REAVEN, em 1988, introduziu o conceito de síndrome X ­ atualmente denominada síndrome metabólica ­ para descrever um conjunto de anormalidades metabólicas e hemodinâmicas, freqüentemente presentes no indivíduo obeso (1). Hoje é amplamente conhecido o papel da resistência à insulina (RI) como elo entre a obesidade de distribuição central, intolerância à glicose, hipertensão arterial, dislipidemia, distúrbios da coagulação, hiperuricemia e microalbuminúria, integrantes da síndrome metabólica "ampliada" (2-4). A prevalência da síndrome metabólica é estimada entre 20 a 25% da população geral, com comportamento crescente nas últimas décadas (5). Esta prevalência é ainda maior entre homens e mulheres mais velhos, chegando a 42% entre indivíduos com idade superior a 60 anos (6). Indivíduos com síndrome metabólica apresentam risco 2 a 3 vezes maior de morbidade cardiovascular que indivíduos sem a síndrome (7). Os dados de prevalência mundial da síndrome metabólica são muito preocupantes, já que esta síndrome é preditora de diabetes e doenças cardiovasculares (7,8). Considerando que existam cerca de 200 milhões de pacientes diabéticos em todo o mundo e que 80% vão falecer devido a doenças cardiovasculares, há um enorme apelo médico e sócio-econômico para se identificar marcadores da síndrome metabólica que possam auxiliar no combate à progressão da atual epidemia (9).

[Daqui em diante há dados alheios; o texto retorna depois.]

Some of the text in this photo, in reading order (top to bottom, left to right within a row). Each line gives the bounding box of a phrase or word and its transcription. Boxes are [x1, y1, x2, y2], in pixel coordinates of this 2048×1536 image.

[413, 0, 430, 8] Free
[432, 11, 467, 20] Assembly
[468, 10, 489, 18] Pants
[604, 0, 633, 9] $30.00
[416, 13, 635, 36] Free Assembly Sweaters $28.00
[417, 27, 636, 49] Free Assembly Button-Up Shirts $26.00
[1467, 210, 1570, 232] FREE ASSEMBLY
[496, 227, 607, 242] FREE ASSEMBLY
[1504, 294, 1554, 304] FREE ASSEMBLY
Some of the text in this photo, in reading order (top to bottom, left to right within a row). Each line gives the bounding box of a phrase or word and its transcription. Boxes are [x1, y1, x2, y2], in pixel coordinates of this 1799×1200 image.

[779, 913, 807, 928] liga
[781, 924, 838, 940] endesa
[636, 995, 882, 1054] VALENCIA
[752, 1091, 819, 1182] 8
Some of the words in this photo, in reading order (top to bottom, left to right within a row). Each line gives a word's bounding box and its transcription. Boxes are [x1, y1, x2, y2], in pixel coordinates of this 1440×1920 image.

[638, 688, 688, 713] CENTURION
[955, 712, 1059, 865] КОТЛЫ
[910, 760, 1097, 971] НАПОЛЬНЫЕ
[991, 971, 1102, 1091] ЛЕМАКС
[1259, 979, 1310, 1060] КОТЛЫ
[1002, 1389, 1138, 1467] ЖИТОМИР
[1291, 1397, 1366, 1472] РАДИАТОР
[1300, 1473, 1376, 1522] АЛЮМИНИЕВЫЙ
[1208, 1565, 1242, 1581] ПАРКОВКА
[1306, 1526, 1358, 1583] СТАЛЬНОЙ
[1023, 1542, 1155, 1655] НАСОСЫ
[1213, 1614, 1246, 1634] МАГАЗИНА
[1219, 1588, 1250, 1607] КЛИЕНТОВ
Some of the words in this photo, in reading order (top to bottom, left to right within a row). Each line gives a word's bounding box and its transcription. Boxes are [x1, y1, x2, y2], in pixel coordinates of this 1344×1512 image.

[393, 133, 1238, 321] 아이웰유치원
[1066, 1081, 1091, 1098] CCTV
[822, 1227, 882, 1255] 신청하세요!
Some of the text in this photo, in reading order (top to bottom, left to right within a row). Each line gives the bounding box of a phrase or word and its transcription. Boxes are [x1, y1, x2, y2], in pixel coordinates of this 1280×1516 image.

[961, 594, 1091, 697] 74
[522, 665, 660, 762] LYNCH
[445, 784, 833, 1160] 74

Em estudos epidemiológicos, o ganho ponderal é um fator de risco independente para o desenvolvimento da síndrome metabólica (10,11). Obesidade é considerada um grave problema de saúde pública da atualidade, apresentando prevalência crescente nas últimas décadas em diversas populações (10-12). No entanto, vários autores descrevem "obesos metabolicamente saudáveis", sem características da síndrome metabólica, inclusive em indivíduos com obesidade grau III (13-16). Do outro lado estão os pacientes com índice de massa corpórea (IMC) normal que preenchem os critérios para serem considerados portadores da síndrome metabólica (15-17); ainda, são descritos indivíduos com peso normal, ou até mesmo com taxa de gordura corporal total baixa, que apresentam tal diagnóstico devido à quantidade de tecido adiposo intra-abdominal; para a gordura subcutânea não foi encontrada associação com a síndrome metabólica (18). A observação que populações com baixo IMC poderiam apresentar elevada prevalência das anormalidades características da síndrome metabólica levantou o questionamento de que não seria o excesso de gordura corporal total, mas, sim, a distribuição da adiposidade que estaria relacionada à RI e, por conseguinte, à síndrome metabólica (19-21).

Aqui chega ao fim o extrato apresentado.